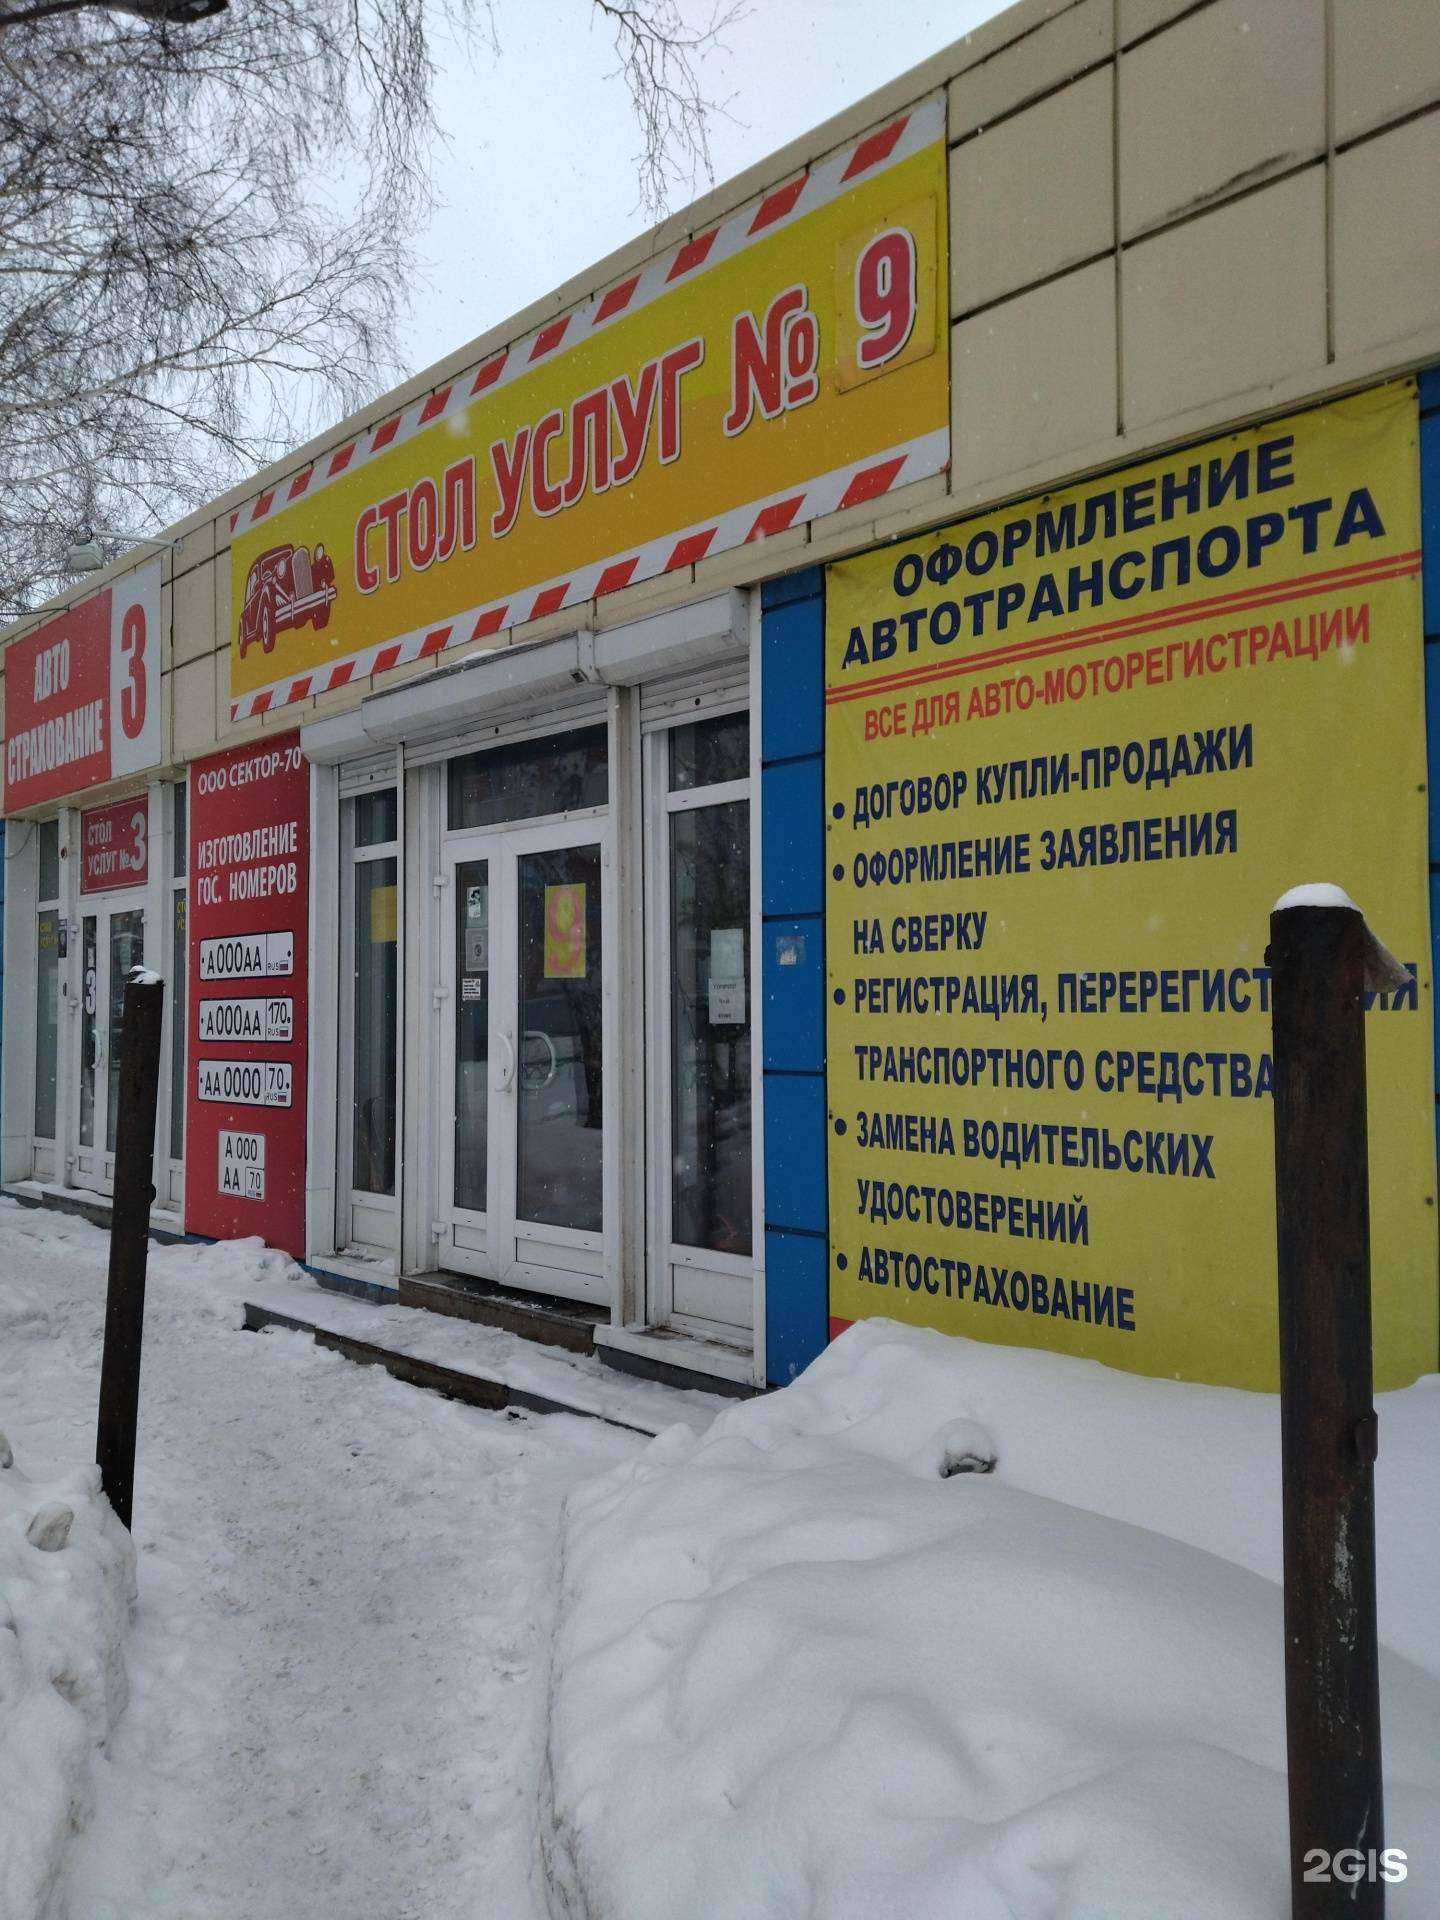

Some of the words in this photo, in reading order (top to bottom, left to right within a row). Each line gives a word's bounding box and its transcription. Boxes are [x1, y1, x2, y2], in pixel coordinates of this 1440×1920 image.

[355, 456, 476, 594] СТОЛ
[491, 337, 705, 540] УСЛУГ
[723, 283, 819, 437] №
[854, 227, 916, 370] 9
[893, 435, 1295, 597] ОФОРМЛЕНИЕ
[841, 487, 1386, 669] АВТОТРАНСПОРТА
[34, 638, 70, 703] АВТО
[120, 603, 147, 740] 3
[865, 702, 907, 741] ВСЕ
[912, 692, 960, 738] ДЛЯ
[966, 603, 1370, 721] АВТО-МОТОРЕГИСТРАЦИИ
[7, 698, 104, 786] СТРАХОВАНИЕ
[198, 768, 226, 796] ООО
[229, 746, 301, 788] СЕКТОР-70
[853, 770, 967, 829] ДОГОВОР
[976, 723, 1253, 806] КУПЛИ-ПРОДАЖИ
[88, 820, 112, 847] СТОЛ
[88, 850, 118, 877] УСЛУГ
[131, 811, 146, 871] 3
[198, 821, 298, 870] ИЗГОТОВЛЕНИЕ
[853, 831, 1031, 887] ОФОРМЛЕНИЕ
[1040, 809, 1238, 872] ЗАЯВЛЕНИЯ
[197, 875, 222, 906] ГОС.
[229, 862, 297, 901] НОМЕРОВ
[853, 918, 884, 954] НА
[891, 911, 987, 954] СВЕРКУ
[268, 1002, 288, 1024] 170
[854, 974, 1048, 1022] РЕГИСТРАЦИЯ,
[269, 1067, 284, 1090] 70
[854, 1045, 1085, 1091] ТРАНСПОРТНОГО
[856, 1111, 955, 1156] ЗАМЕНА
[964, 1119, 1216, 1179] ВОДИТЕЛЬСКИХ
[857, 1179, 1089, 1246] УДОСТОВЕРЕНИЙ
[858, 1246, 1136, 1332] АВТОСТРАХОВАНИЕ

* * * * *

ASSIGNMENT:
The answer must be the full listing, word for word, with no images in it.

EXPECTED ANSWER:
Some of the words in this photo, in reading order (top to bottom, left to right within a row). Each line gives a word's bounding box and its transcription. Boxes are [x1, y1, x2, y2], in pixel coordinates of this 1440×1920 image.

[355, 456, 476, 594] СТОЛ
[491, 337, 705, 540] УСЛУГ
[723, 283, 819, 437] №
[854, 227, 916, 370] 9
[893, 435, 1295, 597] ОФОРМЛЕНИЕ
[841, 487, 1386, 669] АВТОТРАНСПОРТА
[34, 638, 70, 703] АВТО
[120, 603, 147, 740] 3
[865, 702, 907, 741] ВСЕ
[912, 692, 960, 738] ДЛЯ
[966, 603, 1370, 721] АВТО-МОТОРЕГИСТРАЦИИ
[7, 698, 104, 786] СТРАХОВАНИЕ
[198, 768, 226, 796] ООО
[229, 746, 301, 788] СЕКТОР-70
[853, 770, 967, 829] ДОГОВОР
[976, 723, 1253, 806] КУПЛИ-ПРОДАЖИ
[88, 820, 112, 847] СТОЛ
[88, 850, 118, 877] УСЛУГ
[131, 811, 146, 871] 3
[198, 821, 298, 870] ИЗГОТОВЛЕНИЕ
[853, 831, 1031, 887] ОФОРМЛЕНИЕ
[1040, 809, 1238, 872] ЗАЯВЛЕНИЯ
[197, 875, 222, 906] ГОС.
[229, 862, 297, 901] НОМЕРОВ
[853, 918, 884, 954] НА
[891, 911, 987, 954] СВЕРКУ
[268, 1002, 288, 1024] 170
[854, 974, 1048, 1022] РЕГИСТРАЦИЯ,
[269, 1067, 284, 1090] 70
[854, 1045, 1085, 1091] ТРАНСПОРТНОГО
[856, 1111, 955, 1156] ЗАМЕНА
[964, 1119, 1216, 1179] ВОДИТЕЛЬСКИХ
[857, 1179, 1089, 1246] УДОСТОВЕРЕНИЙ
[858, 1246, 1136, 1332] АВТОСТРАХОВАНИЕ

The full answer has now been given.